Proposal for housing on hillside draws ire

A developer has come forward with bold plans to build 18 houses in a steep, densely wooded part of the city, prompting questions about whether it can be done — and done safely.

John Ward, representing a cadre of landowners of undeveloped parcels along Laurel Way, hopes to build the houses on land originally subdivided in 1929 and annexed from the county to Redwood City in 1969. His proposal, submitted Sept. 6, will get a first look from the Planning Commission tonight, and commissioners are hoping to hear feedback from residents in the area.

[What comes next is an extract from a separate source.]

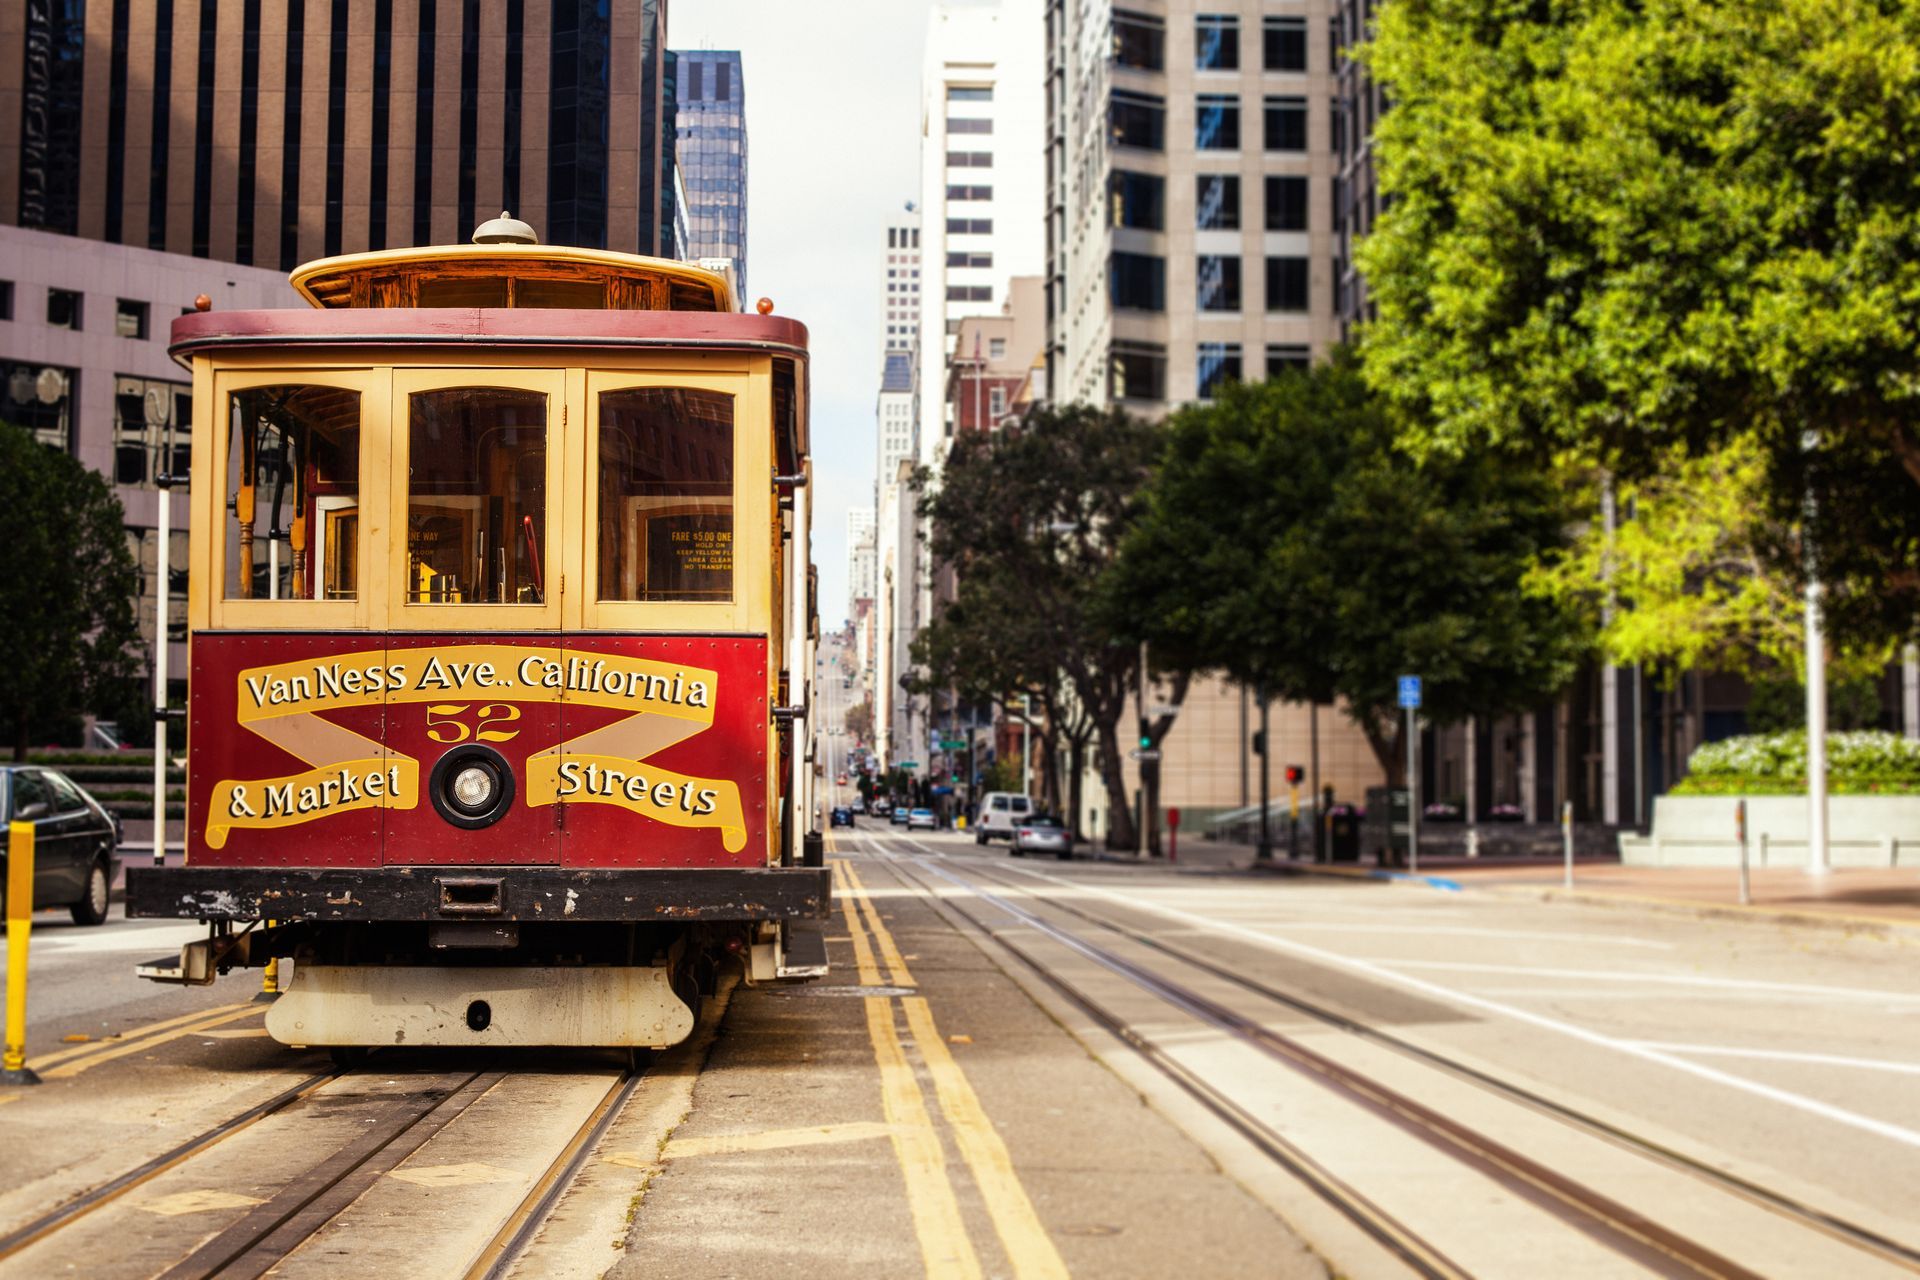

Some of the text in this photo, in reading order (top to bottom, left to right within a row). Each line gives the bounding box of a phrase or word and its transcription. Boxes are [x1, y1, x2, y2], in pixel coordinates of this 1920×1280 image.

“There are a lot of trees — so many they arch over the roadway,” said neighbor Joseph Hanson, who has lived on a developed portion of Laurel Way since 1994. “If they come in and make the [dirt] road regulation-size and build houses, the trees will be gone.”

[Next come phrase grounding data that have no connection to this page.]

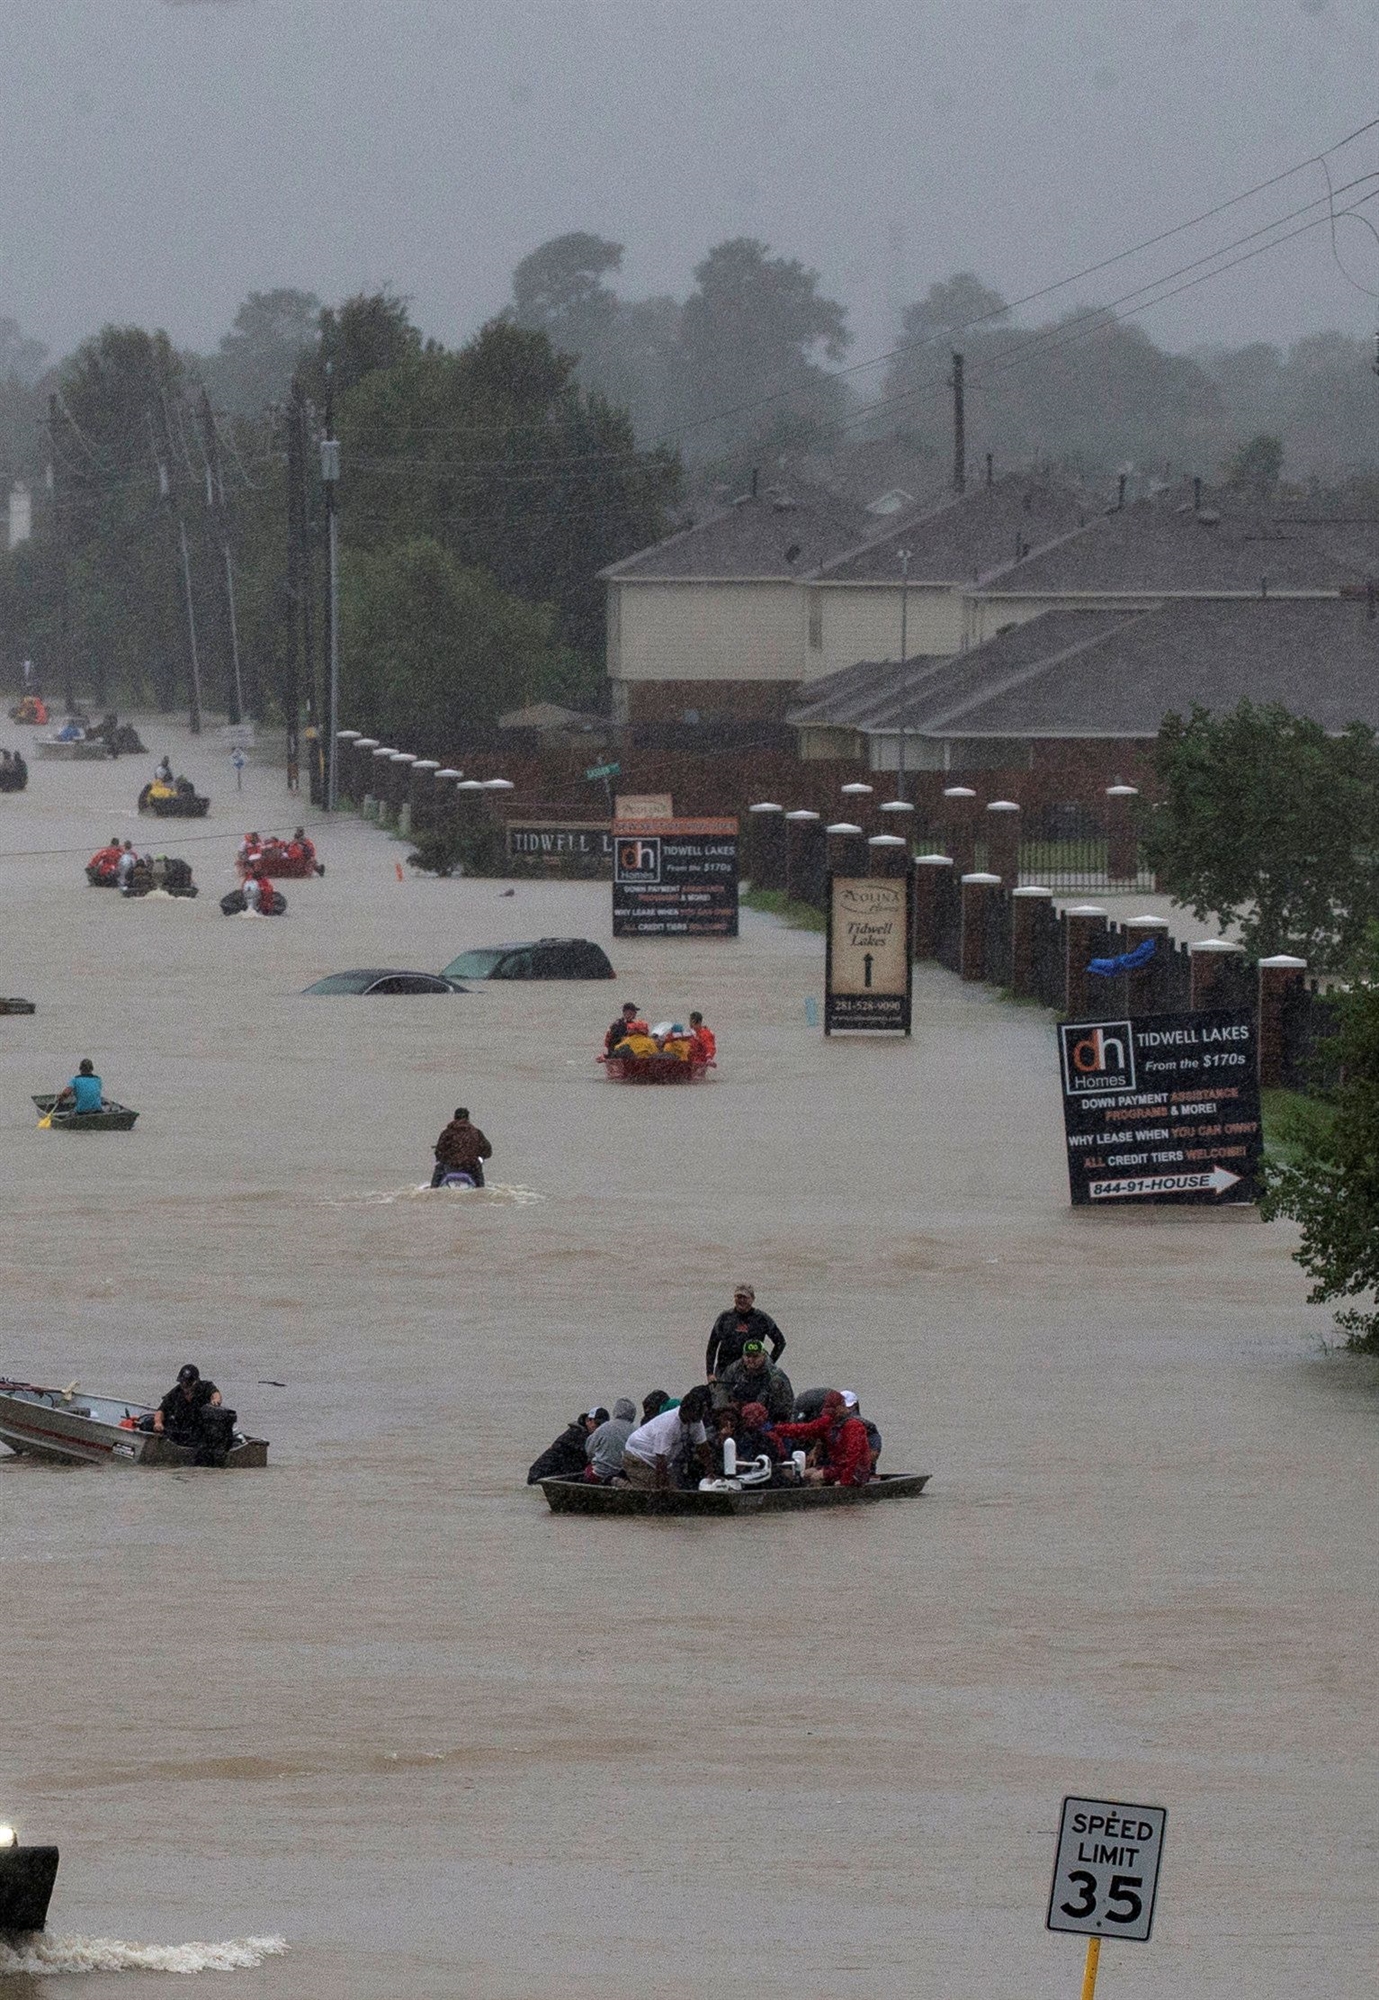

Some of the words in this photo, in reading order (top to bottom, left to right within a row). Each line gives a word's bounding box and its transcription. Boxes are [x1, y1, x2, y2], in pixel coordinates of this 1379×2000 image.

[621, 841, 654, 869] dh
[663, 846, 702, 856] TIDWELL
[704, 846, 735, 856] LAKES
[847, 922, 893, 935] Tidwell
[850, 935, 886, 947] Lakes
[1137, 1031, 1198, 1047] TIDWELL
[1202, 1026, 1249, 1042] LAKES
[1072, 1028, 1124, 1073] dh
[1145, 1059, 1176, 1072] From
[1180, 1058, 1199, 1069] the
[1203, 1053, 1246, 1068] $170s
[1075, 1075, 1127, 1089] Homes
[1081, 1098, 1116, 1110] DOWN
[1118, 1092, 1169, 1106] PAYMENT
[1105, 1106, 1168, 1121] PROGRAMS
[1170, 1106, 1179, 1116] &
[1181, 1103, 1217, 1115] MORE!
[1068, 1134, 1094, 1146] WHY
[1096, 1132, 1134, 1144] LEASE
[1136, 1129, 1170, 1141] WHEN
[1171, 1126, 1195, 1138] YOU
[1198, 1124, 1222, 1136] CAN
[1083, 1157, 1105, 1168] ALL
[1107, 1153, 1149, 1166] CREDIT
[1151, 1150, 1183, 1163] TIERS
[1093, 1174, 1211, 1195] 844-91-HOUSE
[1071, 1813, 1153, 1841] SPEED
[1078, 1842, 1140, 1868] LIMIT
[1060, 1870, 1143, 1924] 35

Roughly 19 people own parcels on the undeveloped portion of the canyon — all of whom paid roughly $150,000 per parcel, Hanson said. While many of them would like to build homes on that land, the geography presents significant challenges, planner Sailesh Mehra said.

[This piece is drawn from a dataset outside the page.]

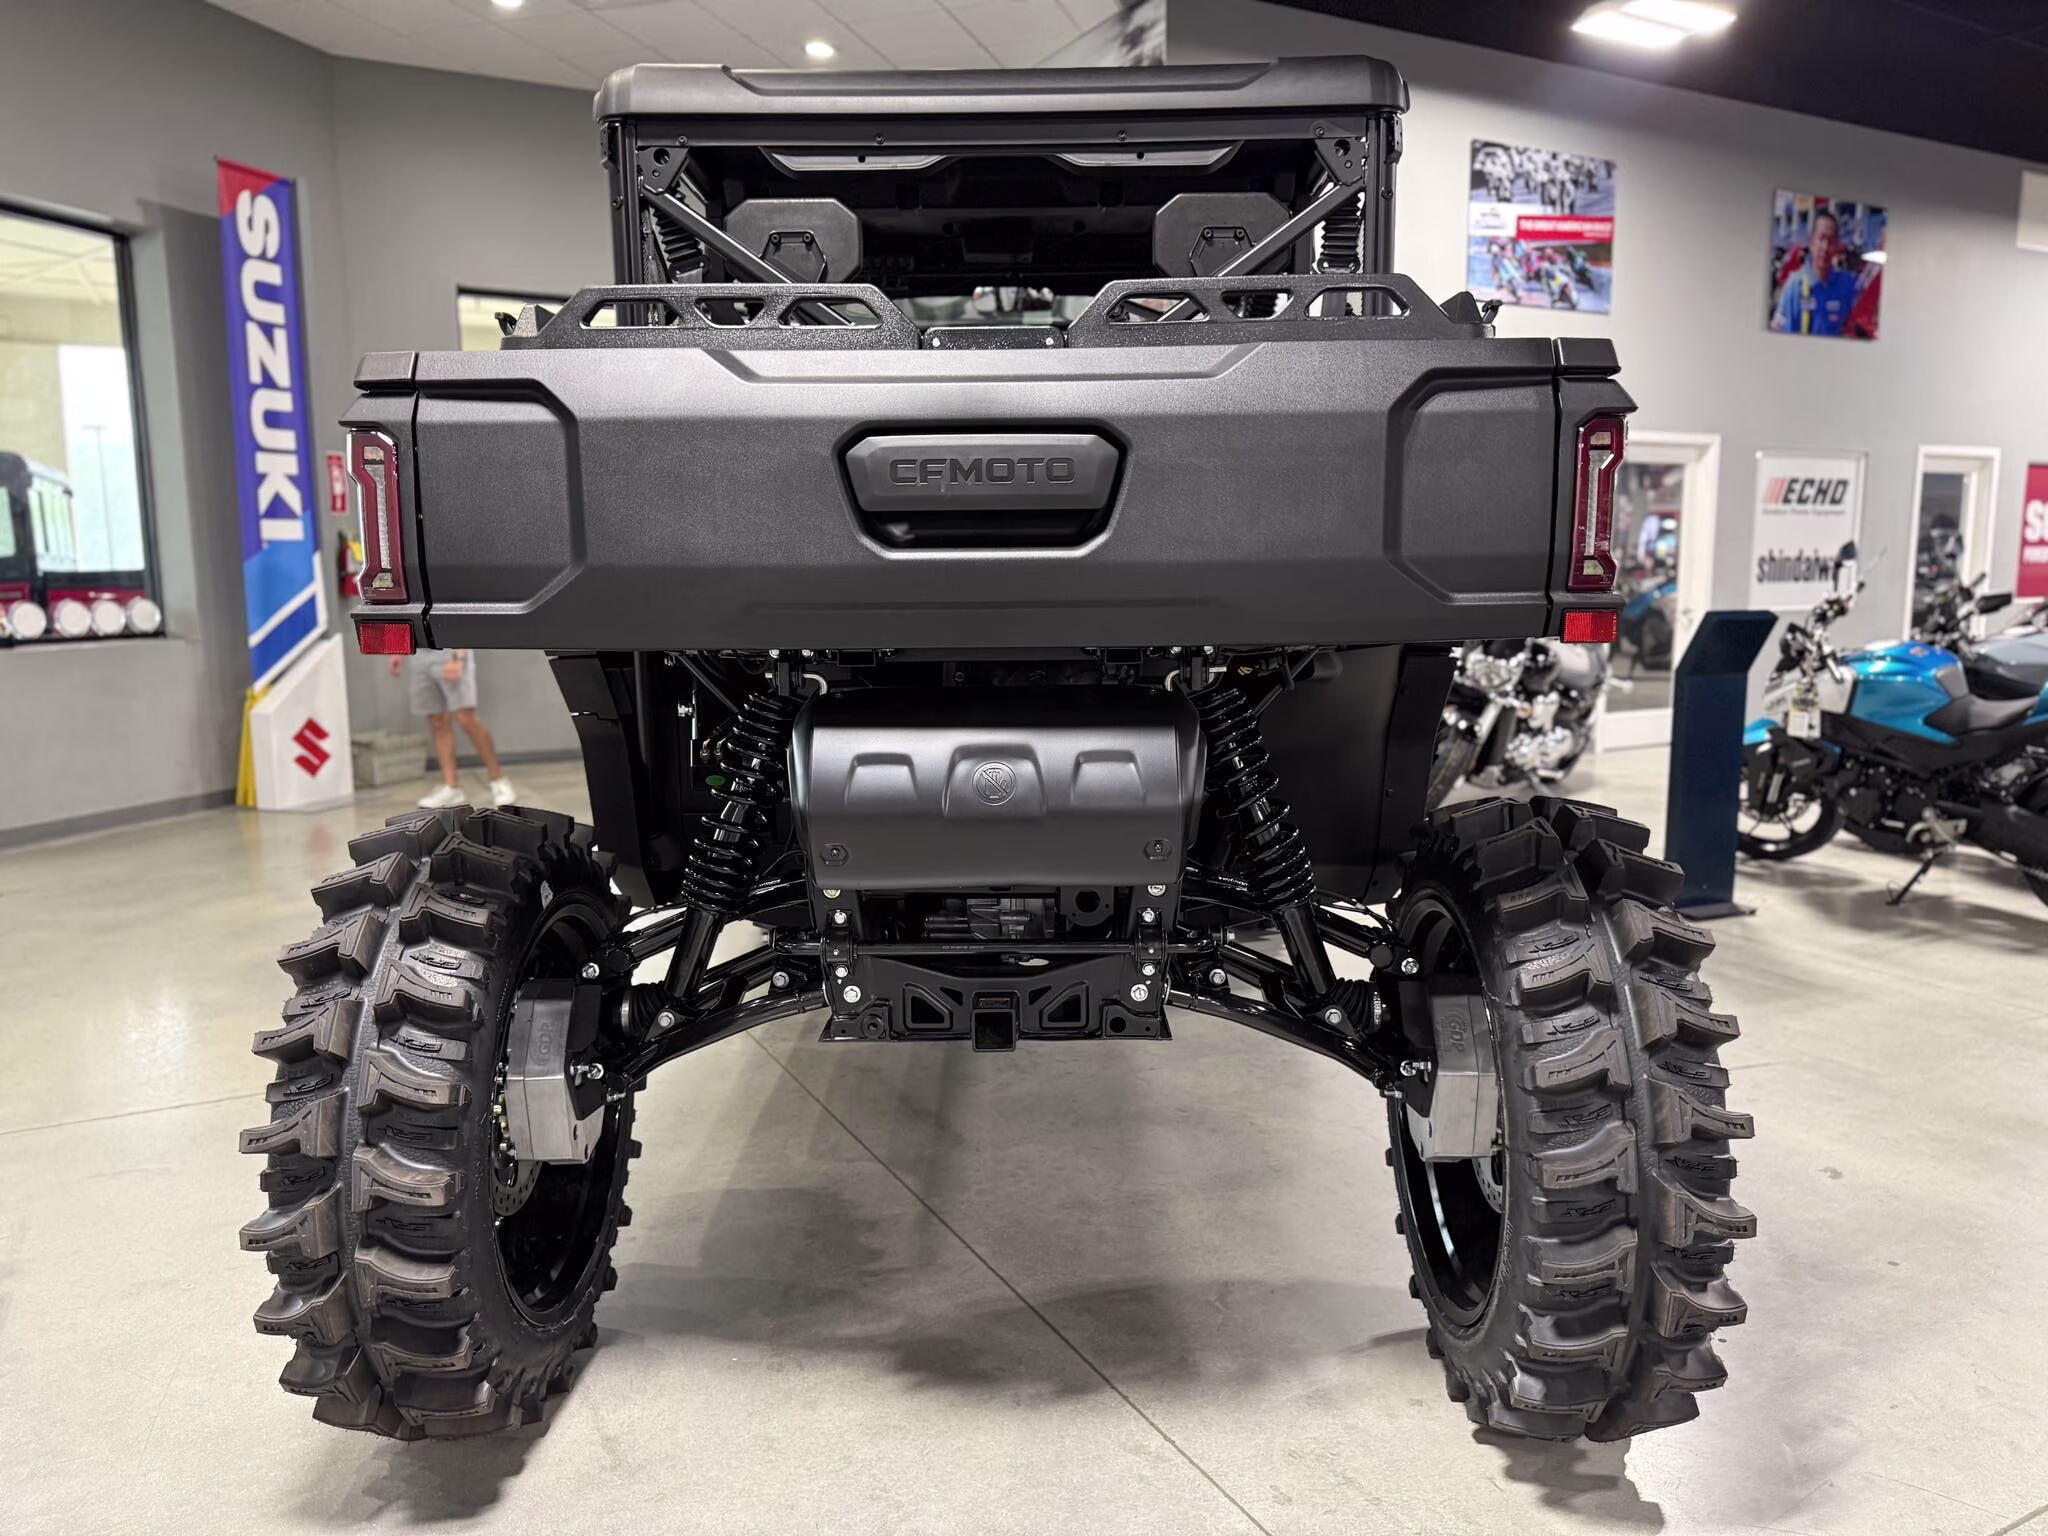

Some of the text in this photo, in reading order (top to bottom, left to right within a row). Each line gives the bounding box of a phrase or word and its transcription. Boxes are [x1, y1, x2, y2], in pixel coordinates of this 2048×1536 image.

[236, 189, 304, 542] SUZUKI
[889, 457, 1075, 485] CFMOTO
[1782, 478, 1848, 505] ECHO
[1757, 548, 1837, 583] shindaiw

“There’s a reason why these properties have remained undeveloped,” Mehra said. “The lots vary in slope between 20 and 40 percent. There’s lots of thick vegetation. Some have water seeping through them and we see soil stability [as an issue].”

Redwood City has hired a consultant who will lead soil-stability studies and eventually craft an environmental impact report regarding the feasibility of Ward’s plan.

If he can develop the sites, Ward plans to do as little grading and tree-removal as possible, and would privately pay for the creation of a new split-level road through the subdivision, according to plans he submitted to the city.

Mehra hopes residents — particularly those who would be downhill from the subdivision — will turn up tonight to air any concerns they might have about the proposal.

While Hanson wouldlike to see the rest of Laurel Way remain untouched, he admits there could be some benefits to adding more homes.

“Once they put the houses in, my property values will go up —but they’re going up now,” Hanson said. “We have Bay views. It’s pastoral, it’s quiet and it’s still within walking distance of the city.”

The Planning Commission meets today at 7 p.m. at City Hall, 1017 Middlefield Road, Redwood City.